+++ Dataset extract

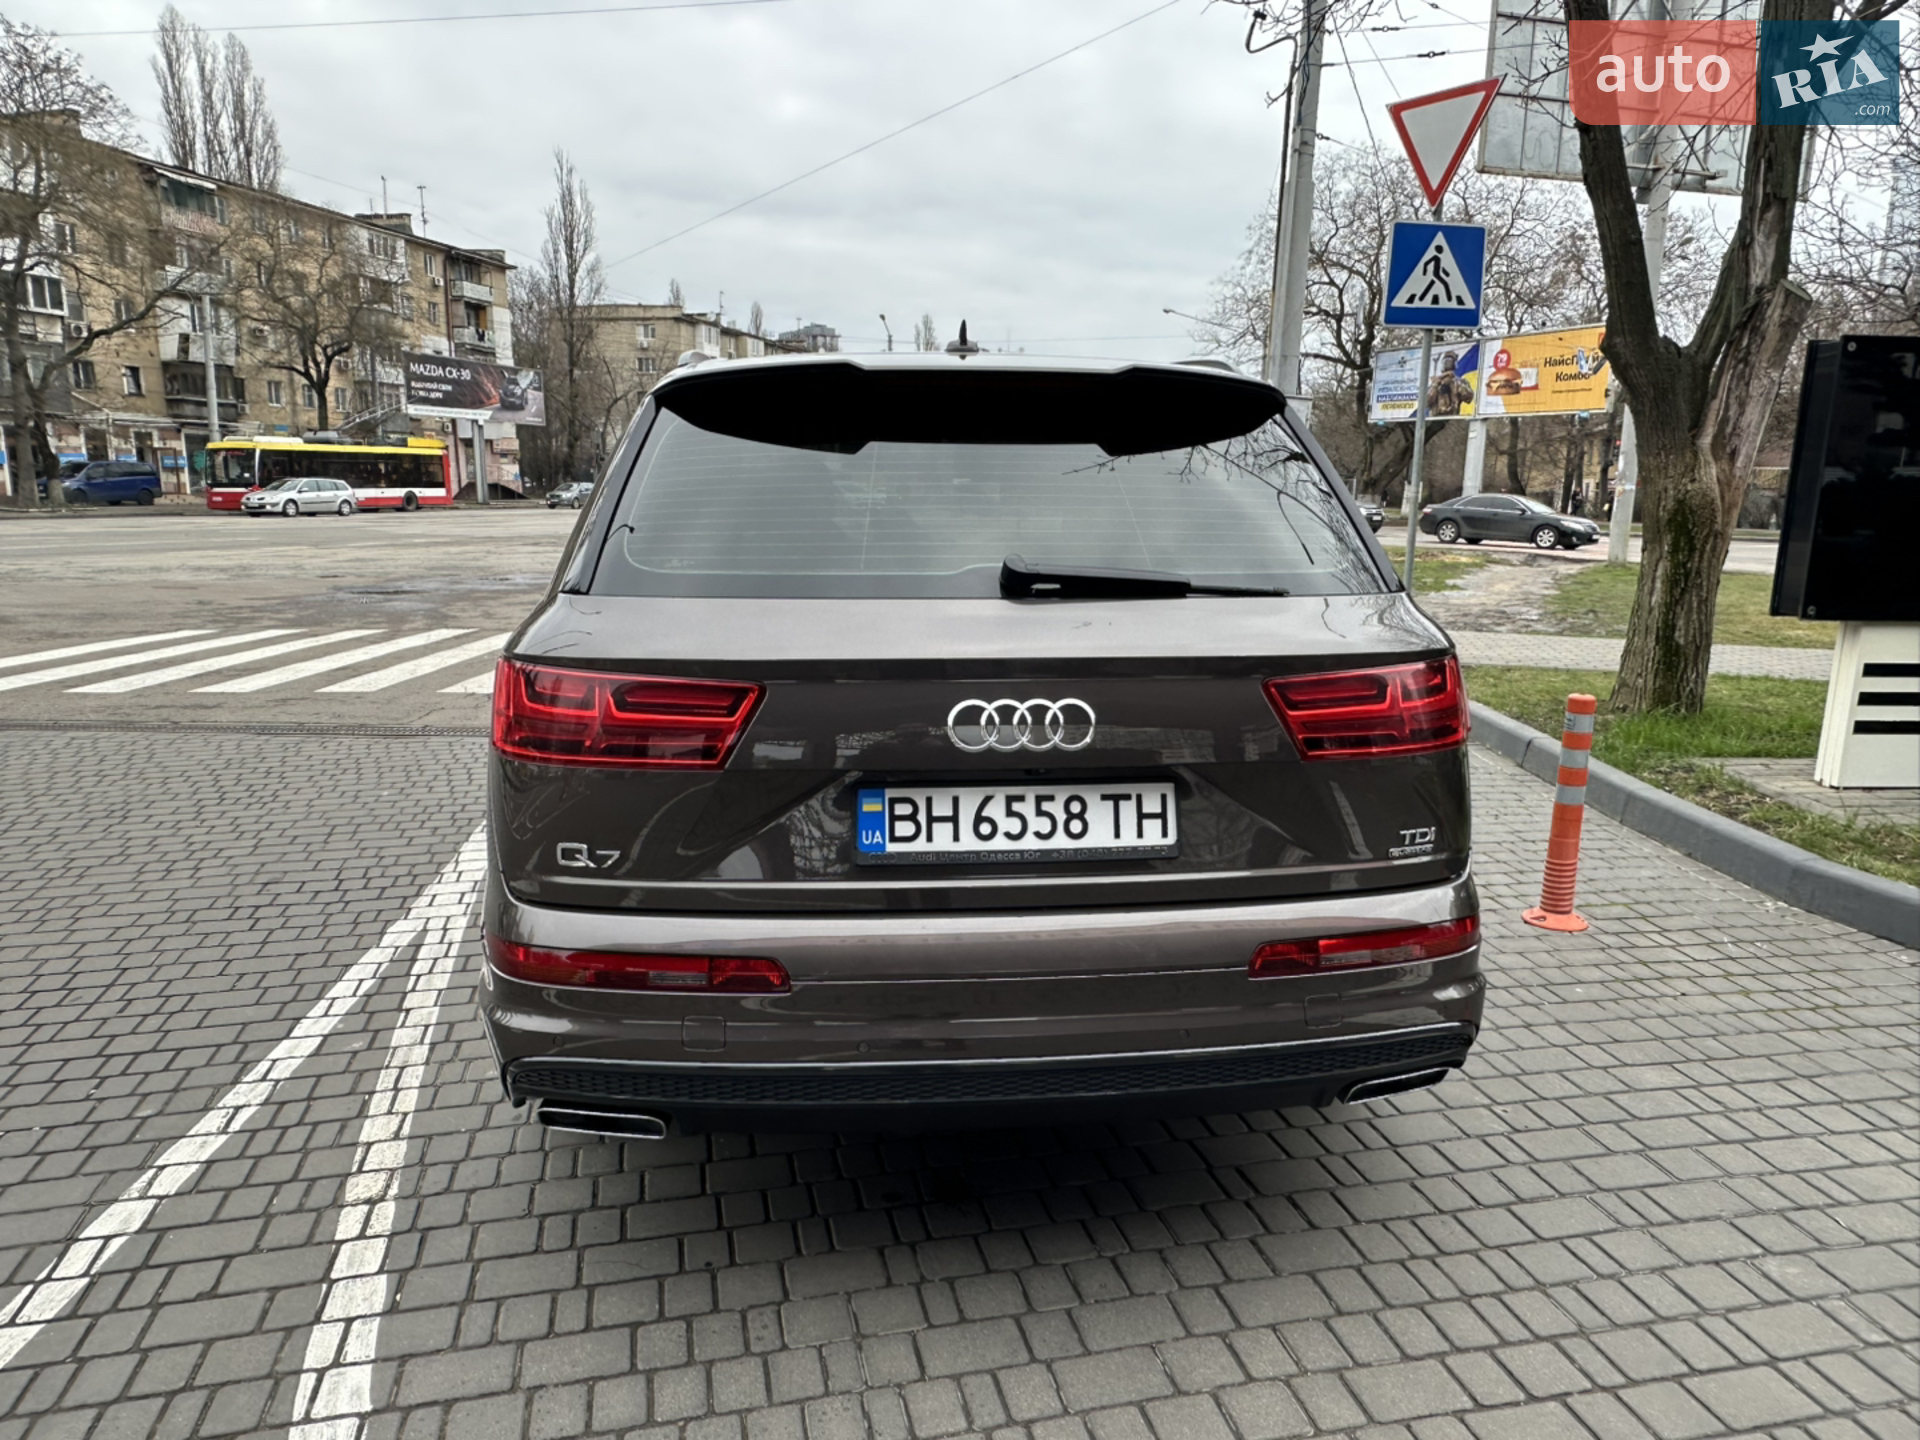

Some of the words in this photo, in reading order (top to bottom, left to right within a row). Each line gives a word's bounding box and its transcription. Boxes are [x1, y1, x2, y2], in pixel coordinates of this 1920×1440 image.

[409, 362, 444, 378] MAZDA
[445, 366, 471, 381] CX-30
[887, 796, 960, 843] BH
[972, 794, 1089, 842] 6558
[1100, 793, 1168, 839] TH
[862, 830, 883, 845] UA
[556, 842, 621, 868] Q7
[909, 851, 937, 862] Audi
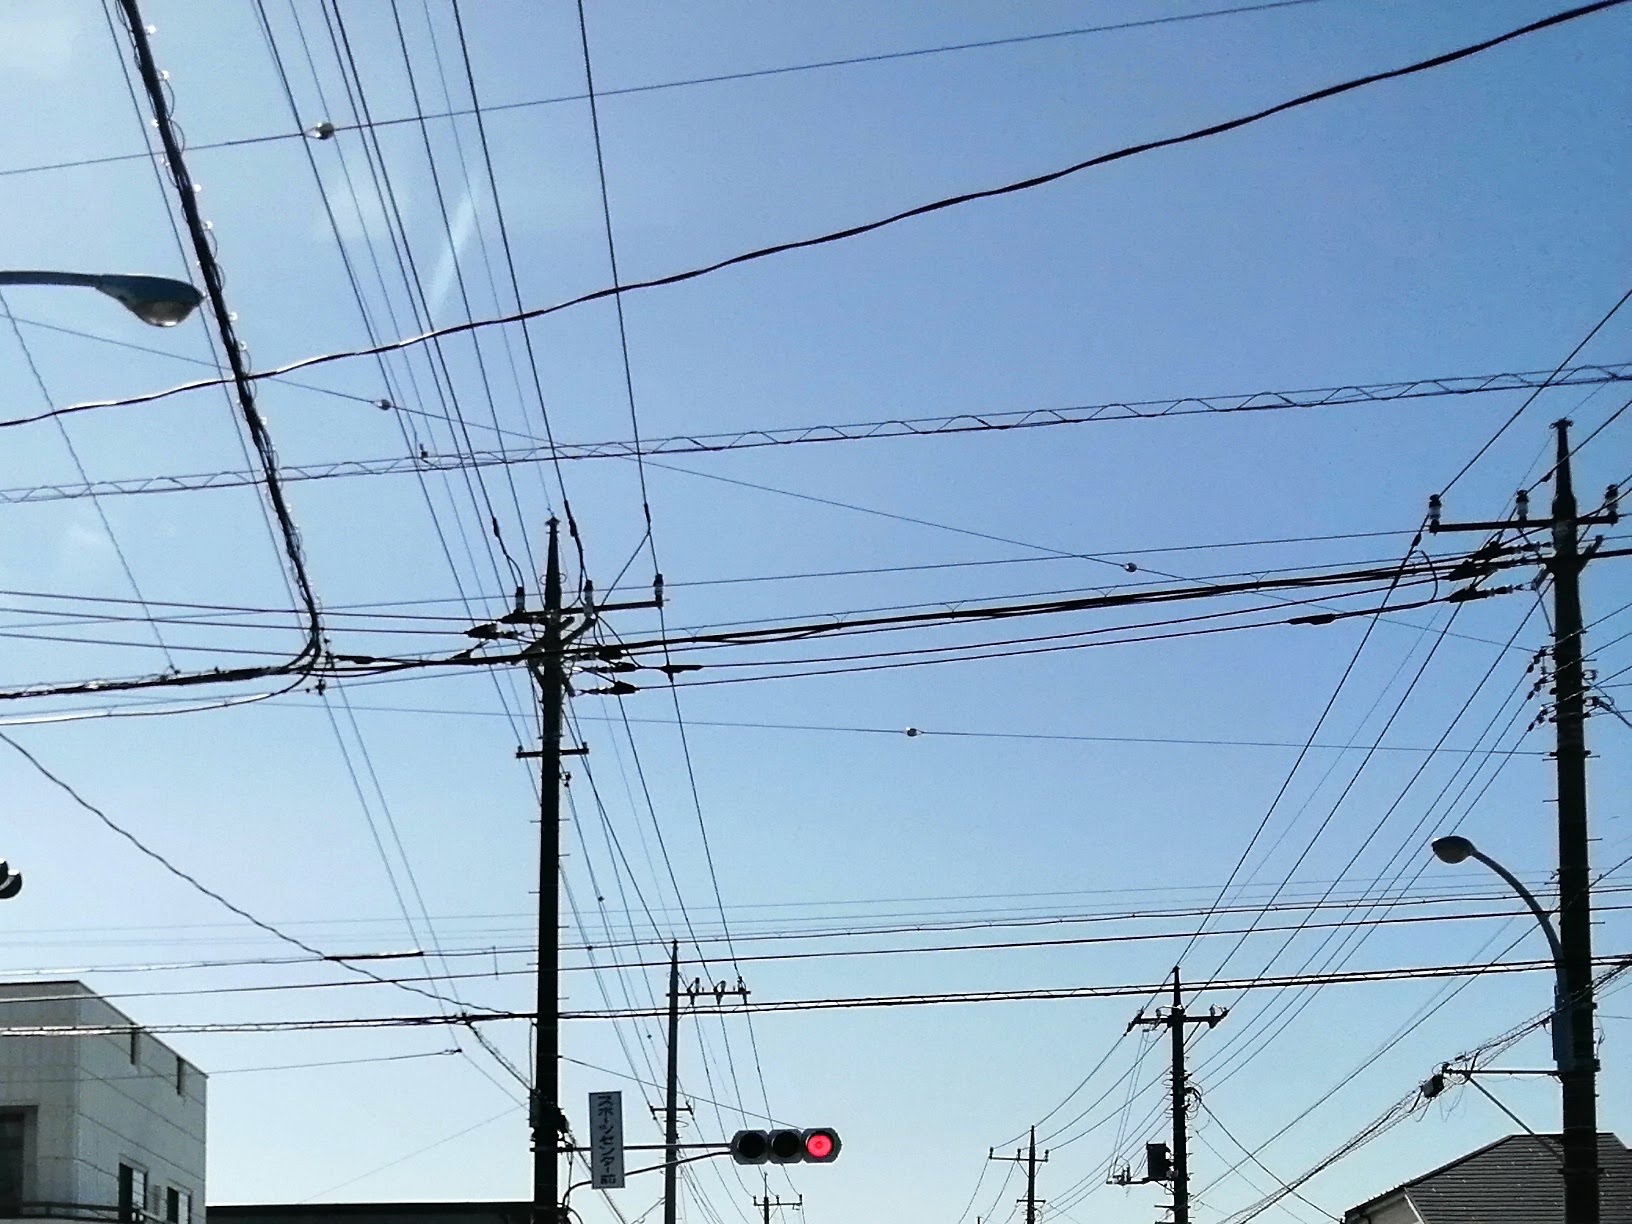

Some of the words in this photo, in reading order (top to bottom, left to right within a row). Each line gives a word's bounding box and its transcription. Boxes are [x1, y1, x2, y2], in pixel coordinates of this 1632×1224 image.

[597, 1095, 617, 1185] スポーツセンター前

++++++

→ Your task: Every record above needs to be repeated exactly; pictures are to be left out.

→ Result for this exercise:
Some of the words in this photo, in reading order (top to bottom, left to right within a row). Each line gives a word's bounding box and its transcription. Boxes are [x1, y1, x2, y2], in pixel coordinates of this 1920×1440 image.

[409, 362, 444, 378] MAZDA
[445, 366, 471, 381] CX-30
[887, 796, 960, 843] BH
[972, 794, 1089, 842] 6558
[1100, 793, 1168, 839] TH
[862, 830, 883, 845] UA
[556, 842, 621, 868] Q7
[909, 851, 937, 862] Audi

Some of the words in this photo, in reading order (top to bottom, left to right within a row). Each line gives a word's bounding box and its transcription. Boxes are [x1, y1, x2, y2], in pixel coordinates of this 1632×1224 image.

[597, 1095, 617, 1185] スポーツセンター前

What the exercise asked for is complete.